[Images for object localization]
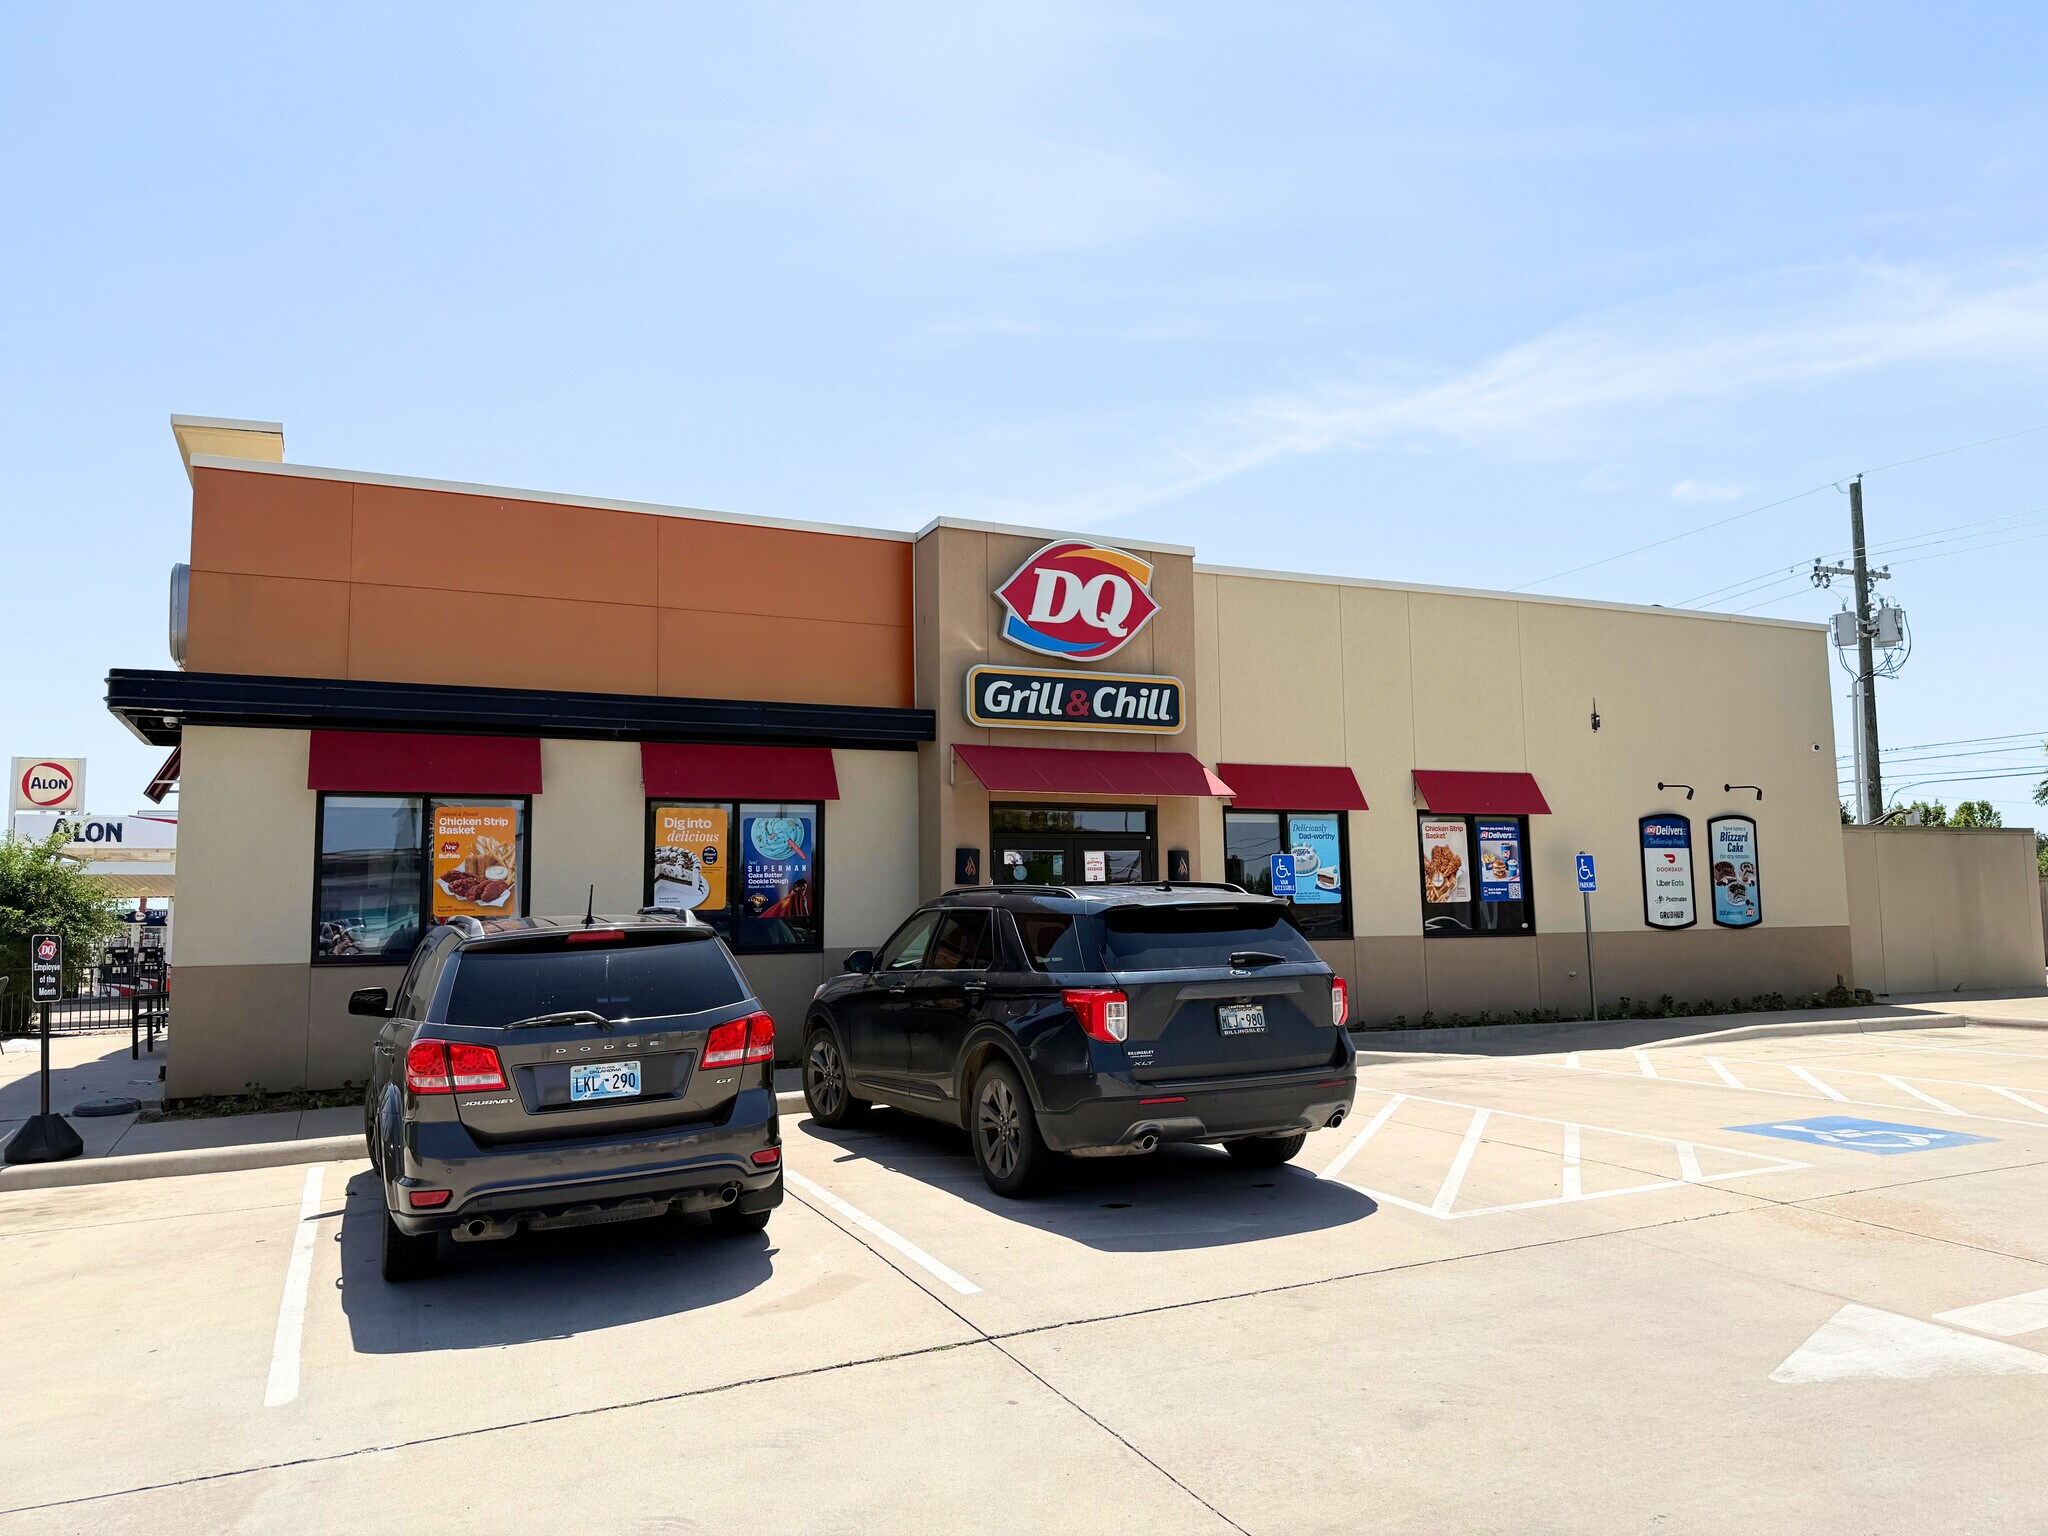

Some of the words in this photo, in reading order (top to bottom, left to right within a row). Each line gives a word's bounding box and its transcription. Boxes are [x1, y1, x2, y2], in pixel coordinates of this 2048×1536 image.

[1027, 567, 1133, 638] DQ
[984, 680, 1064, 716] Grill
[1065, 689, 1091, 717] &
[1092, 686, 1171, 720] Chill
[30, 776, 68, 790] ALON
[439, 817, 481, 826] Chicken
[483, 817, 508, 827] Strip
[664, 817, 685, 831] Dig
[687, 817, 712, 829] into
[53, 818, 123, 843] ALON
[439, 826, 475, 835] Basket
[1293, 823, 1327, 834] Deliciously
[1656, 825, 1683, 836] Delivers
[667, 830, 720, 842] delicious
[1298, 832, 1336, 841] Dad-worthy
[1720, 832, 1748, 842] Blizzard
[444, 842, 457, 850] New
[1727, 842, 1744, 853] Cake
[748, 865, 807, 873] SUPERMAN
[1660, 911, 1684, 919] GRUBHUB
[42, 945, 54, 956] DQ
[34, 962, 60, 973] Employee
[40, 976, 46, 984] of
[46, 976, 56, 984] the
[39, 987, 57, 996] Month
[1224, 1027, 1265, 1036] BILLINGSLEY
[556, 1040, 659, 1054] DODGE
[575, 1072, 636, 1094] LKL-290
[461, 1098, 516, 1107] JOURNEY
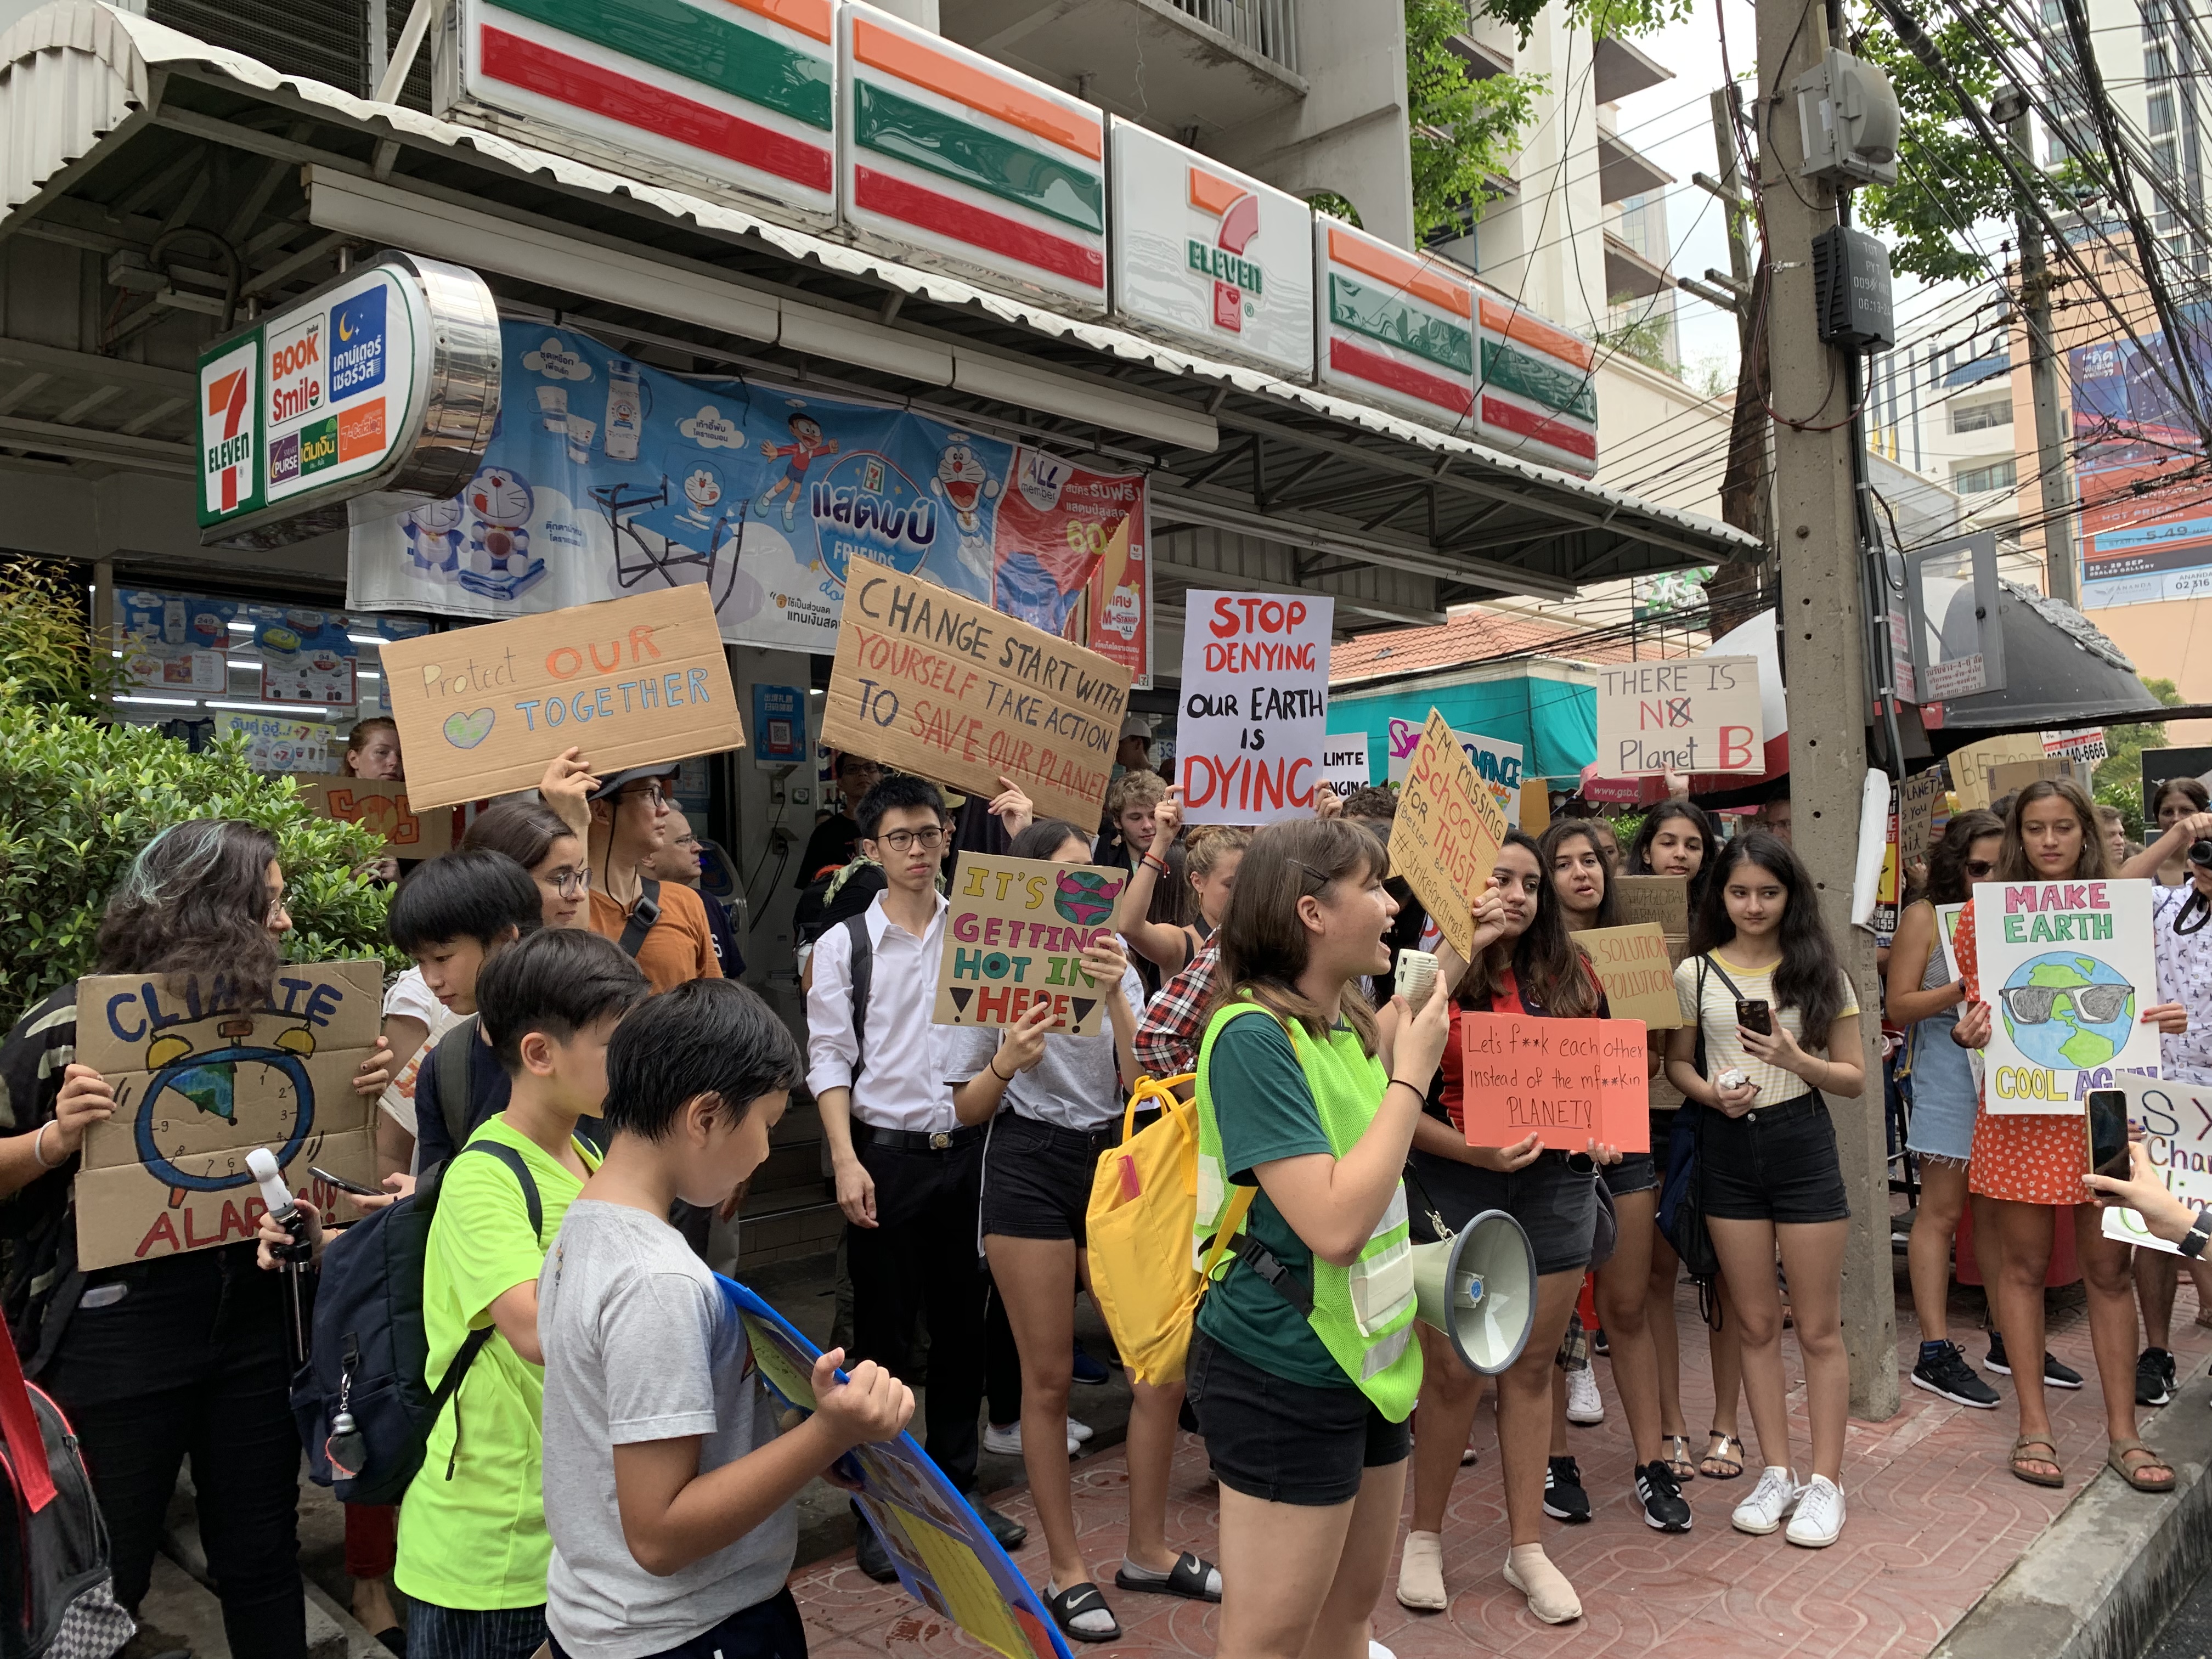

▶ REQUIRED ACTION
Output the data exactly. Leave every picture out.

▶ ANSWER
Some of the words in this photo, in reading order (top to bottom, left to right within a row). Each line gives a word's bounding box and its transcription. Boxes are [x1, y1, x2, y2], in pixel coordinates of this 2048×1536 image.

[1027, 567, 1133, 638] DQ
[984, 680, 1064, 716] Grill
[1065, 689, 1091, 717] &
[1092, 686, 1171, 720] Chill
[30, 776, 68, 790] ALON
[439, 817, 481, 826] Chicken
[483, 817, 508, 827] Strip
[664, 817, 685, 831] Dig
[687, 817, 712, 829] into
[53, 818, 123, 843] ALON
[439, 826, 475, 835] Basket
[1293, 823, 1327, 834] Deliciously
[1656, 825, 1683, 836] Delivers
[667, 830, 720, 842] delicious
[1298, 832, 1336, 841] Dad-worthy
[1720, 832, 1748, 842] Blizzard
[444, 842, 457, 850] New
[1727, 842, 1744, 853] Cake
[748, 865, 807, 873] SUPERMAN
[1660, 911, 1684, 919] GRUBHUB
[42, 945, 54, 956] DQ
[34, 962, 60, 973] Employee
[40, 976, 46, 984] of
[46, 976, 56, 984] the
[39, 987, 57, 996] Month
[1224, 1027, 1265, 1036] BILLINGSLEY
[556, 1040, 659, 1054] DODGE
[575, 1072, 636, 1094] LKL-290
[461, 1098, 516, 1107] JOURNEY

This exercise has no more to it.